Perhaps you’ve noticed it at your doctor’s office, on the wall between the diplomas and other accomplishments. It’s a prayer called the Physician’s Prayer by Maimonides, in which the physician humbly recognizes his/her place in the larger picture and asks God for support in the practice of medicine for reasons beyond those that are personal.
Inspire me with love for my art and for Your creatures.

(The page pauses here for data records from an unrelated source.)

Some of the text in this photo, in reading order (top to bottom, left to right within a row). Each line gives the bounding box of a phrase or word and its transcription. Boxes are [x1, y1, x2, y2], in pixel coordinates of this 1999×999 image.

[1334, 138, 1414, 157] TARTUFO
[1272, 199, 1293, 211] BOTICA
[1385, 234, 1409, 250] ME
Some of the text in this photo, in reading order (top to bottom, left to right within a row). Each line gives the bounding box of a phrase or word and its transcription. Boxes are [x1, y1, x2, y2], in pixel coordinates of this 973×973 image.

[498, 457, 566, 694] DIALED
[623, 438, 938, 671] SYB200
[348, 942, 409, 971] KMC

Do not allow thirst for profit, ambition for renown and admiration
to interfere with my profession.
– Maimonides, excerpt from the Physician’s Prayer
While the task of medicine and healing the sick is typically far more consequential than the tasks associated with most professionals, the message is universal…or it should be. Most of us choose professions out of a passion, or desire to do what interests us, and based on areas in which we excel. In time, however there’s a tendency for many of us to get seduced by the all mighty dollar. As a result, our thirst for profit can cloud our better judgement.
We see examples often, such as those that have been written about in the financial world, like the practice of brokers conducting excessive trading in a client’s account mainly to generate higher commissions (aka churning). Salespeople in various other businesses have also been accused of selling higher priced products and services than those required to meet the needs of the client. It all boils down to a question of integrity in business.

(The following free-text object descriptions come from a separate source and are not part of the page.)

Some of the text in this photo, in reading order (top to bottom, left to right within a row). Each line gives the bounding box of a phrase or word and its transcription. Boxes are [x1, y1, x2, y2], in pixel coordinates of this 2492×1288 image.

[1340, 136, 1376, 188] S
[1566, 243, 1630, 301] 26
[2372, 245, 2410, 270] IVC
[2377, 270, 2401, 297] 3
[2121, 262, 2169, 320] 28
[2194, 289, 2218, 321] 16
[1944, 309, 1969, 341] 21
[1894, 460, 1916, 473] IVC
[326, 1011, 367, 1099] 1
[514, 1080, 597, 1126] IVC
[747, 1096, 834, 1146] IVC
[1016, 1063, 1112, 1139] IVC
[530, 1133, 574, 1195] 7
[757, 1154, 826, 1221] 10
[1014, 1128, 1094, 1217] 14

Making Decisions Not Solely Based on Profits
In 1970, Robert Greenleaf, a business researcher and consultant, published a paper on Servant Leadership, which later became a book and a philosophy whereby the leader is a servant first who wants to lead by serving others. According to Greenleaf; “The difference [between leader first and servant leader] manifests itself in the care taken by the servant, first to make sure that other people’s highest priority needs are being served.”

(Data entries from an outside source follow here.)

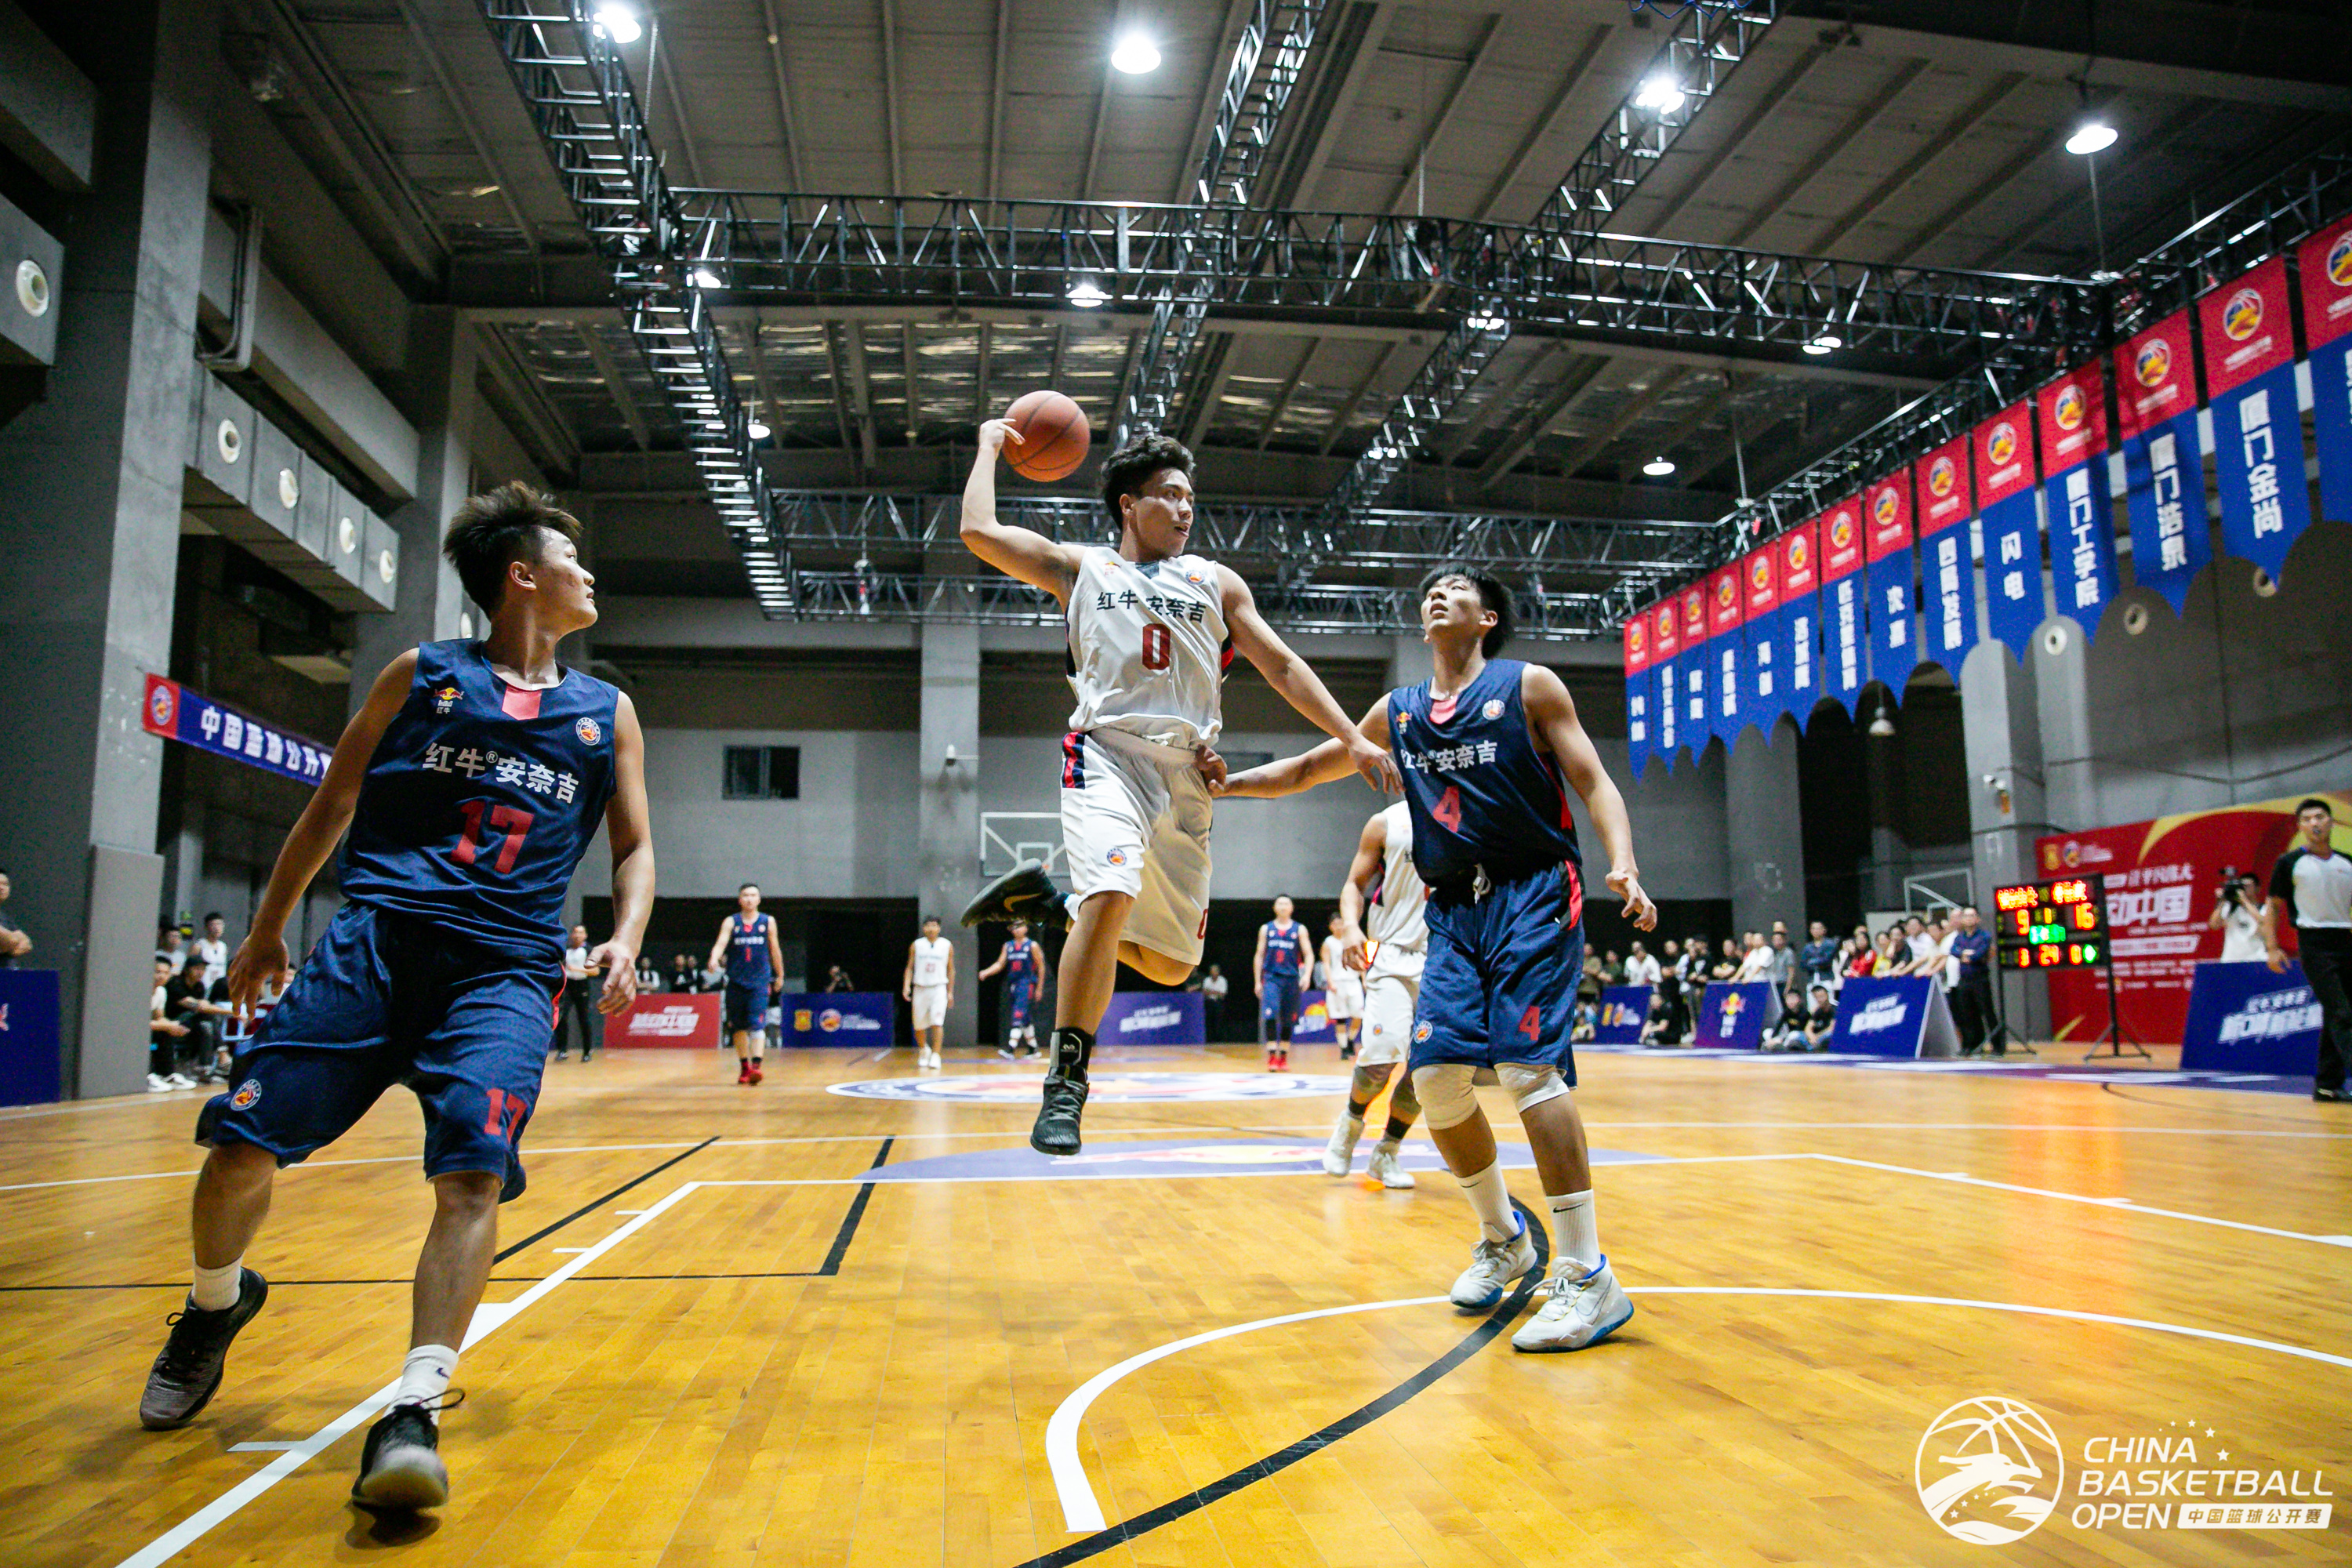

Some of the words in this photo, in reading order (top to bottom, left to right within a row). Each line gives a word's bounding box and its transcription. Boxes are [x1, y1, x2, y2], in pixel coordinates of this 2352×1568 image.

[1142, 623, 1171, 670] 0
[1433, 786, 1461, 833] 4
[450, 800, 535, 875] 17
[2016, 909, 2030, 936] 9
[2074, 902, 2095, 930] 16
[1518, 1005, 1541, 1041] 4
[484, 1087, 528, 1145] 17

Many leaders, who are not necessarily defined as servant-leaders, recognize the personal value of incorporating some of this concept into their daily interactions with clients or customers. Rather than selling the latest product with the newest features or leading customers to the highest priced items, they have acted with humility and integrity. They listen closely to the wants and needs of their customers with the primary intent of serving them, rather than focusing on a profit motive.
Personally, I get satisfaction, and know I will sleep better at night, by meeting the needs of my client regardless of the price point. I find great value in the interaction with the customers, and even learn from them. Unless artificial intelligence manages to take over the world, I believe that we are all better served by remembering the value of the human interaction, and that we should interact with integrity.
So, the next time, after you have an interaction with a customer, try taking the position that you will meet their needs first, regardless of the sales total. Then, later that day, ask yourself; Are we healthier, happier, and wiser from that interaction? Do I feel better about myself? Often the answer will be “yes” and that’s what integrity, and going above and beyond the profit motive as all about.